Ferdinand Muheto Wintare
"These new classrooms are really useful. In addition to being helpful during floods, these schools will make it possible to reduce the number of children in each class, which until now was 100."
Ferdinand Muheto Wintare
Director, Bumwe Basic School

Most schools are open to all students, including those with disabilities. Access ramps will be provided in the schools under construction.

In order to ensure learning continuity during crises, 137,000 children have received school supplies, 2,000 teachers have received teaching materials, and more than 10,000 students have attended remedial classes.

A total of 34,500 children have received school meals daily; 1,850 focal points have been trained and assigned to schools to provide psychosocial care for students and teachers; and close to 300,000 students and teachers have benefited from action to raise awareness of mental health and psychosocial well-being.

Adapting program implementation to local conditions

In some cases, existing schools or schools being rehabilitated face water supply problems. For instance, in some localities, water rationing regulations prevent optimal use of such infrastructure as handwashing facilities. At the Busoro Basic School, water is available only three days a week.

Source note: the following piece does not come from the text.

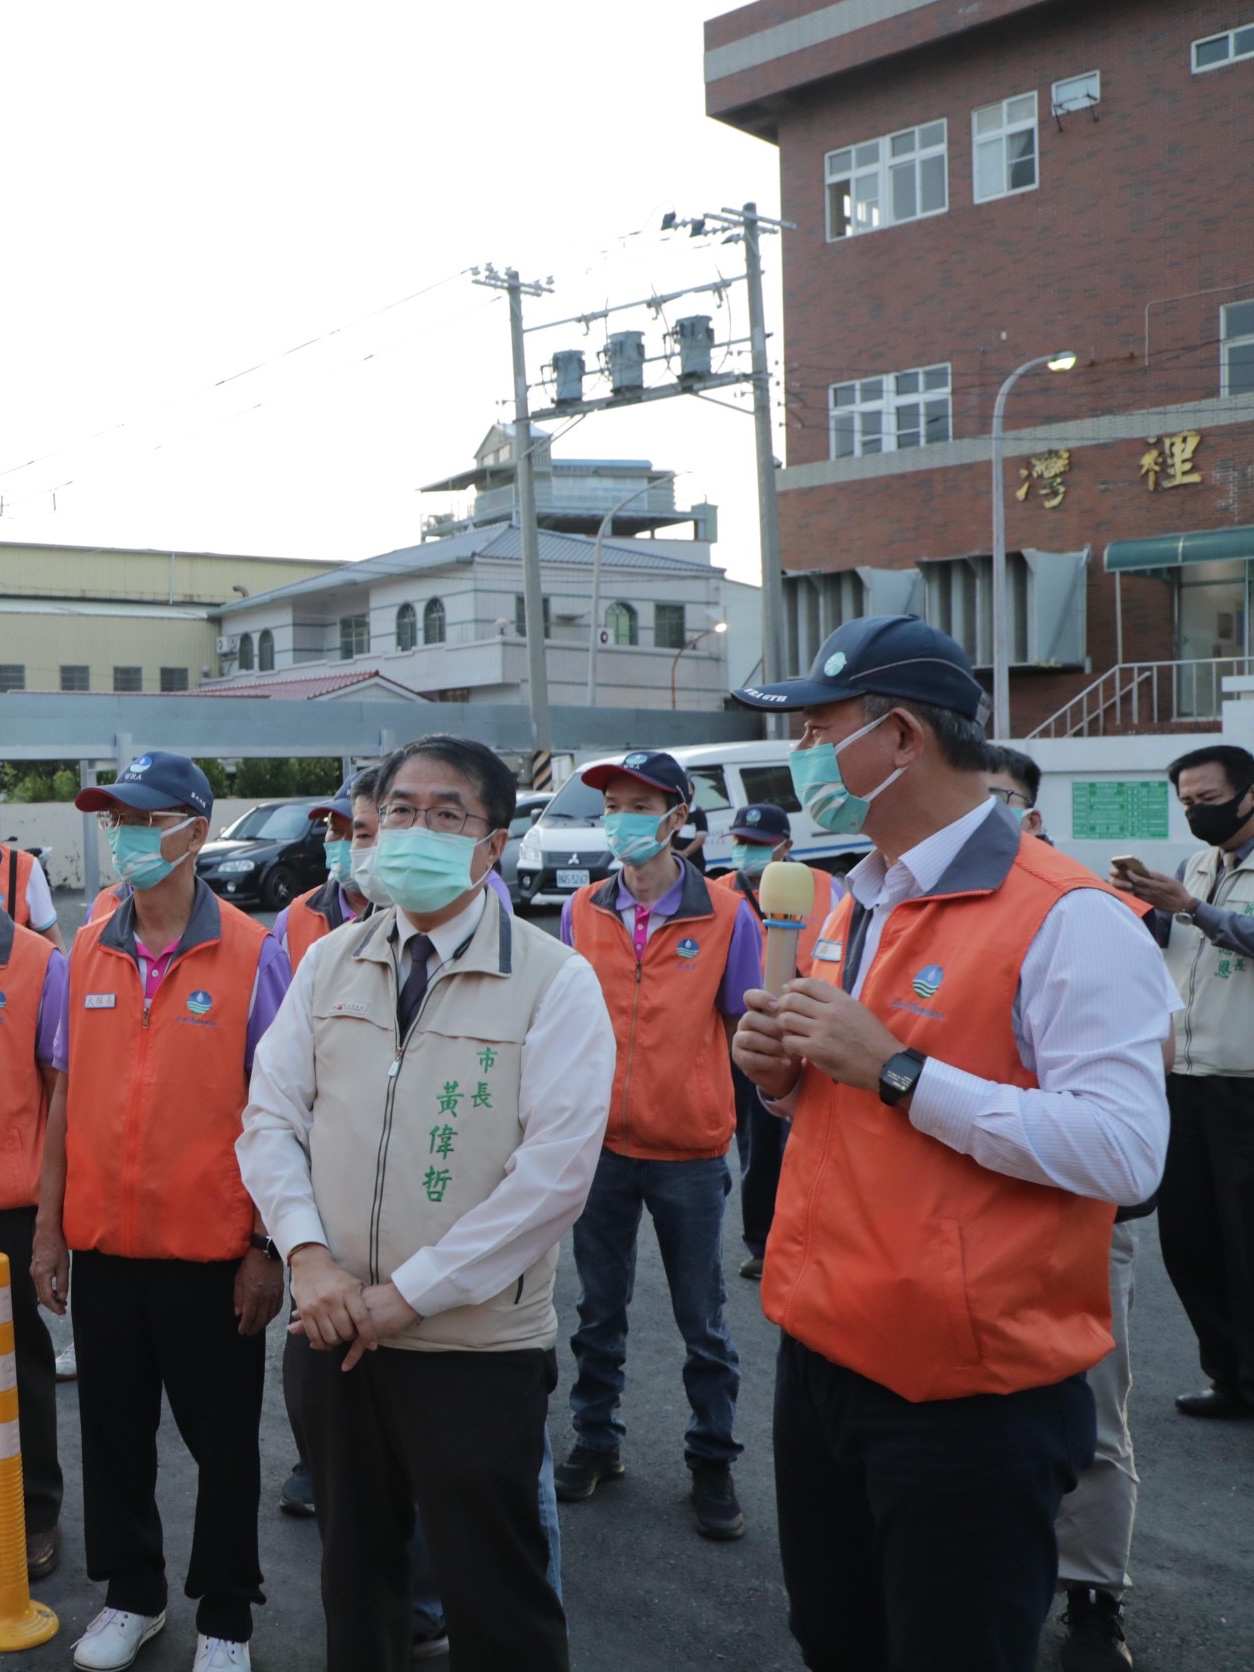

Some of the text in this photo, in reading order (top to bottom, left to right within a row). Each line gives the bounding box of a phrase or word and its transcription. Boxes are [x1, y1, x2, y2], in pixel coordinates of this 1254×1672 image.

[124, 773, 142, 781] WRA
[470, 1046, 499, 1109] 市長
[422, 1081, 465, 1203] 黃偉哲

In addition, the integration of displaced students in their new environment can be problematic. In border areas such as Busoni in the north of the country (on the border with Rwanda), there are, as indicated by Léandre Nkunzimana, provincial Director of Education, "numerous repatriates and many returnee children who do not have a sound understanding of Kirundi because many of them have started learning English. That makes learning difficult both for them and for the teachers."

Special measures have been adopted to meet such challenges. In Mutimbuzi, for instance, where the newly built school is not connected to the municipal water supply network, a roof rainwater harvesting system has been put in place. A 2,500-liter tank will supply the water thus collected to handwashing facilities and latrines.

Remedial classes organized in certain schools enable repatriated children to catch up.

The results achieved so far are attributable to the partnership-based approach adopted by GPE, UNICEF, and the various local and national implementing partners. The involvement of the ministry of education, local authorities and community participation help ensure ownership of the program and prevention of issues that could have arisen during its implementation.